__The task__:
Please retype every record exactly as it appears, omitting the pictures.

__Data__:
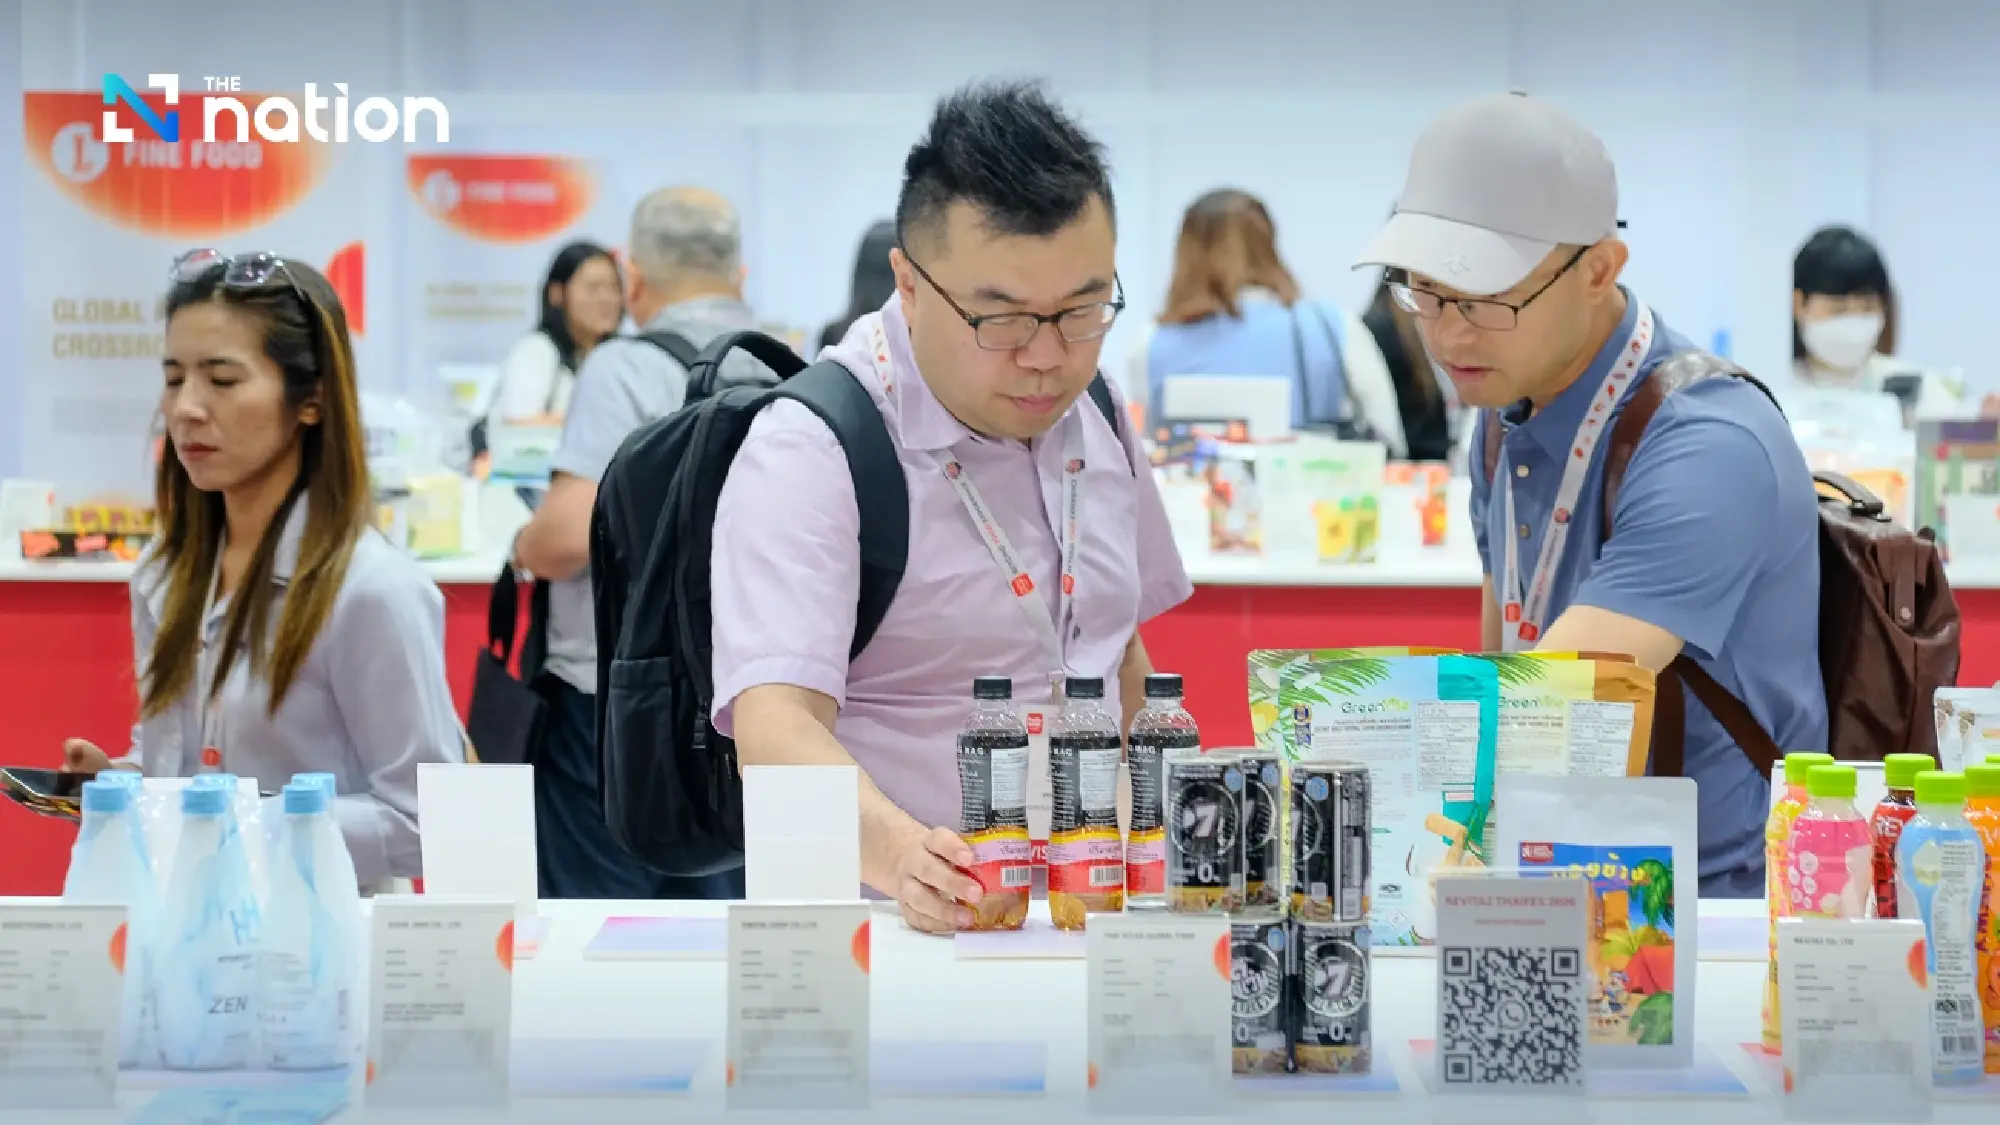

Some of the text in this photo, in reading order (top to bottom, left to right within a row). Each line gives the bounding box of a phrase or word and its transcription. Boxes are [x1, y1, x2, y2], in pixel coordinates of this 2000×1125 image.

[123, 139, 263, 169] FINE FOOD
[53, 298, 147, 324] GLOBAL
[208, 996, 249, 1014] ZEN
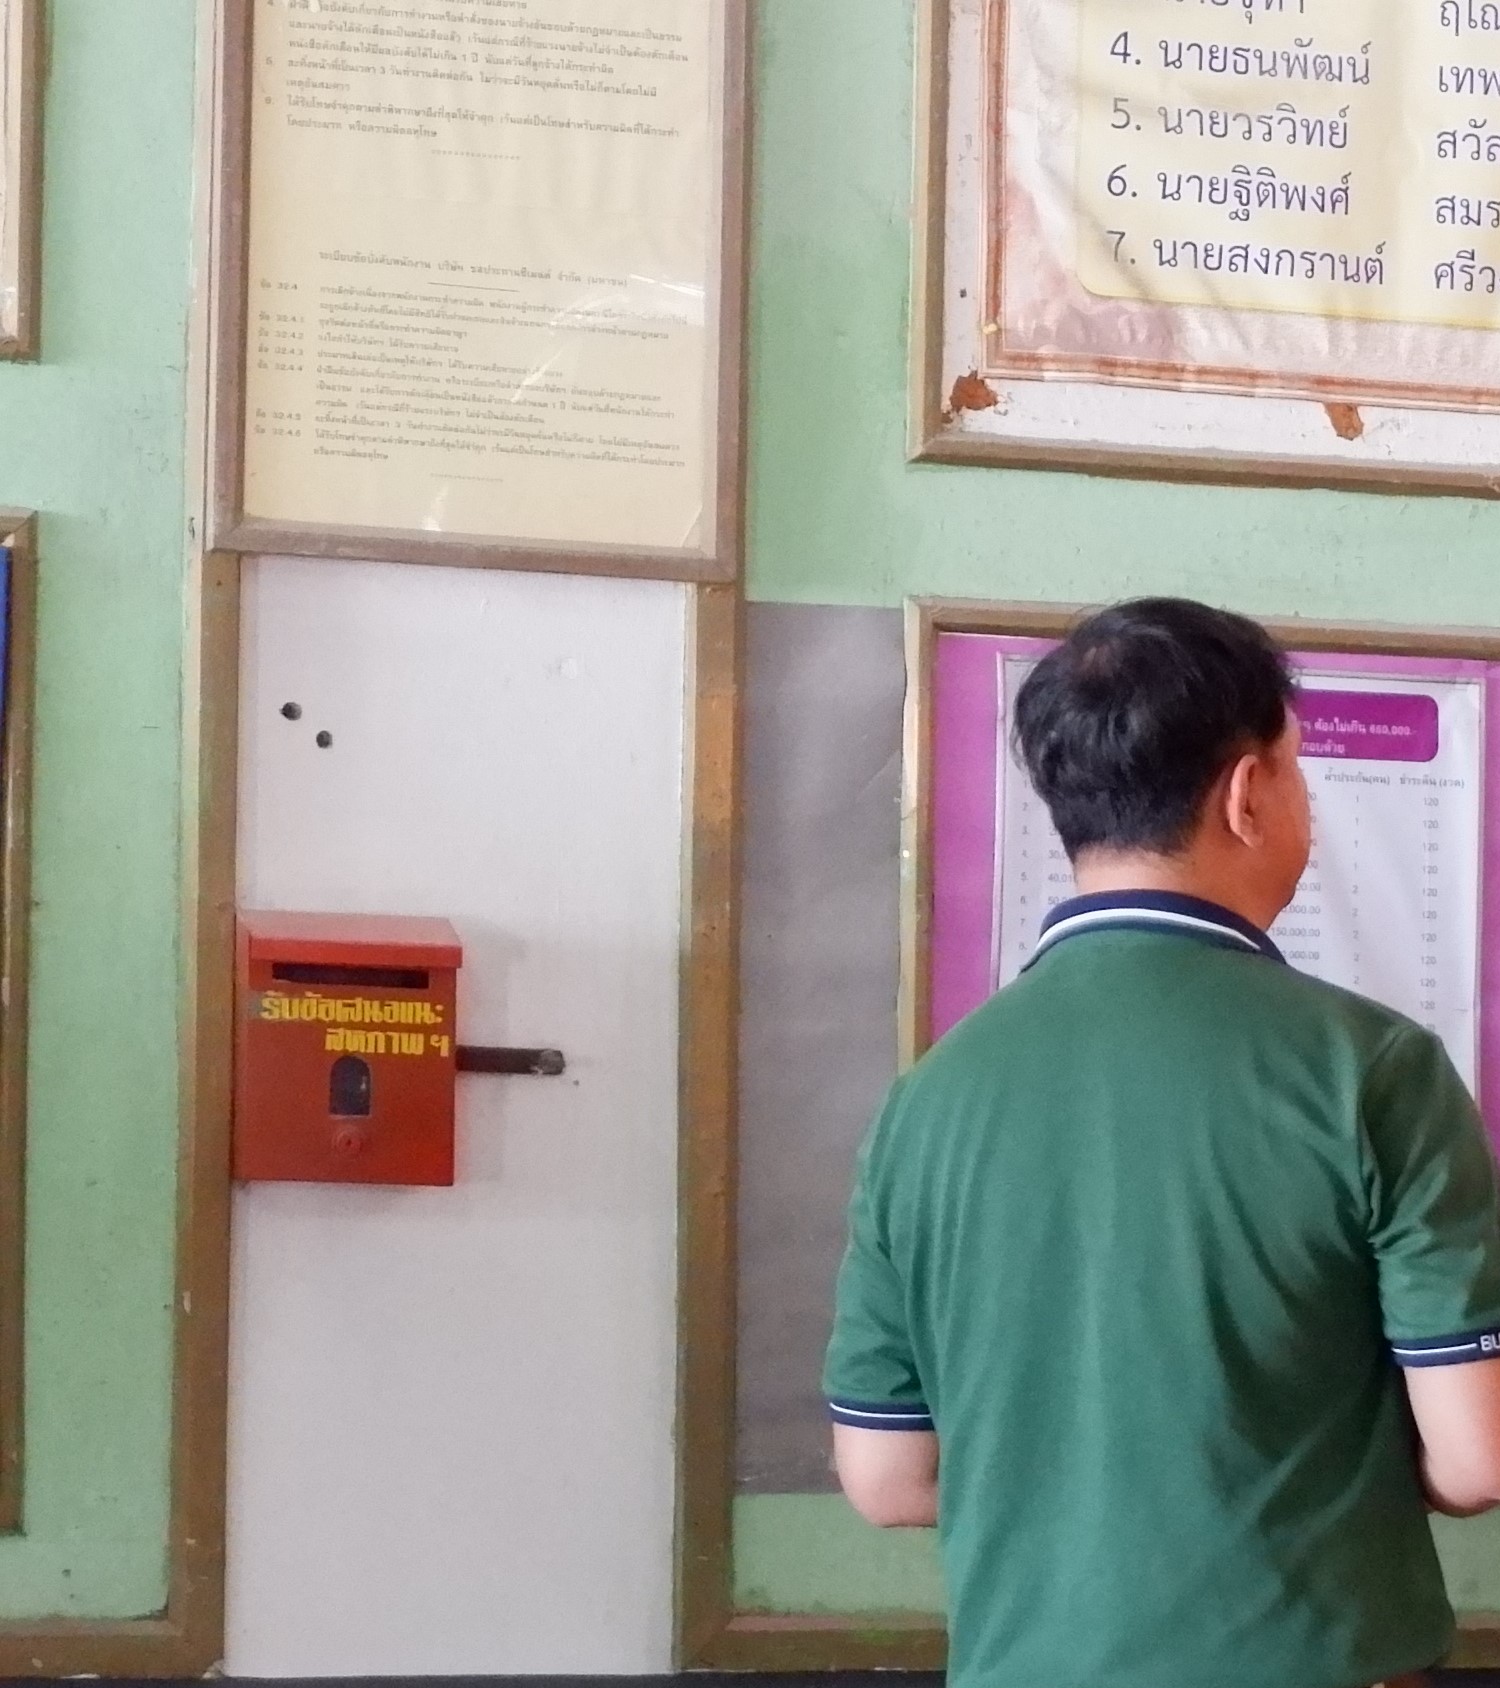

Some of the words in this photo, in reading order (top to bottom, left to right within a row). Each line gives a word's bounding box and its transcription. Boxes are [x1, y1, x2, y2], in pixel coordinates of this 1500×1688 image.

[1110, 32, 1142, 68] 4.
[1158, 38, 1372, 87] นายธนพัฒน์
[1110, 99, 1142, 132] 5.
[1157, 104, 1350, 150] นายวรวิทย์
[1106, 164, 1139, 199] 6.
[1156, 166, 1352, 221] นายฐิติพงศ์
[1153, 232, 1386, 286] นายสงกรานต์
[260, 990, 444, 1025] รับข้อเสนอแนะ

__Answer__:
Some of the text in this photo, in reading order (top to bottom, left to right within a row). Each line gives the bounding box of a phrase or word and its transcription. Boxes are [x1, y1, x2, y2], in pixel coordinates of this 2000×1125 image.

[123, 139, 263, 169] FINE FOOD
[53, 298, 147, 324] GLOBAL
[208, 996, 249, 1014] ZEN

Some of the words in this photo, in reading order (top to bottom, left to right within a row). Each line gives a word's bounding box and its transcription. Boxes are [x1, y1, x2, y2], in pixel coordinates of this 1500×1688 image.

[1110, 32, 1142, 68] 4.
[1158, 38, 1372, 87] นายธนพัฒน์
[1110, 99, 1142, 132] 5.
[1157, 104, 1350, 150] นายวรวิทย์
[1106, 164, 1139, 199] 6.
[1156, 166, 1352, 221] นายฐิติพงศ์
[1153, 232, 1386, 286] นายสงกรานต์
[260, 990, 444, 1025] รับข้อเสนอแนะ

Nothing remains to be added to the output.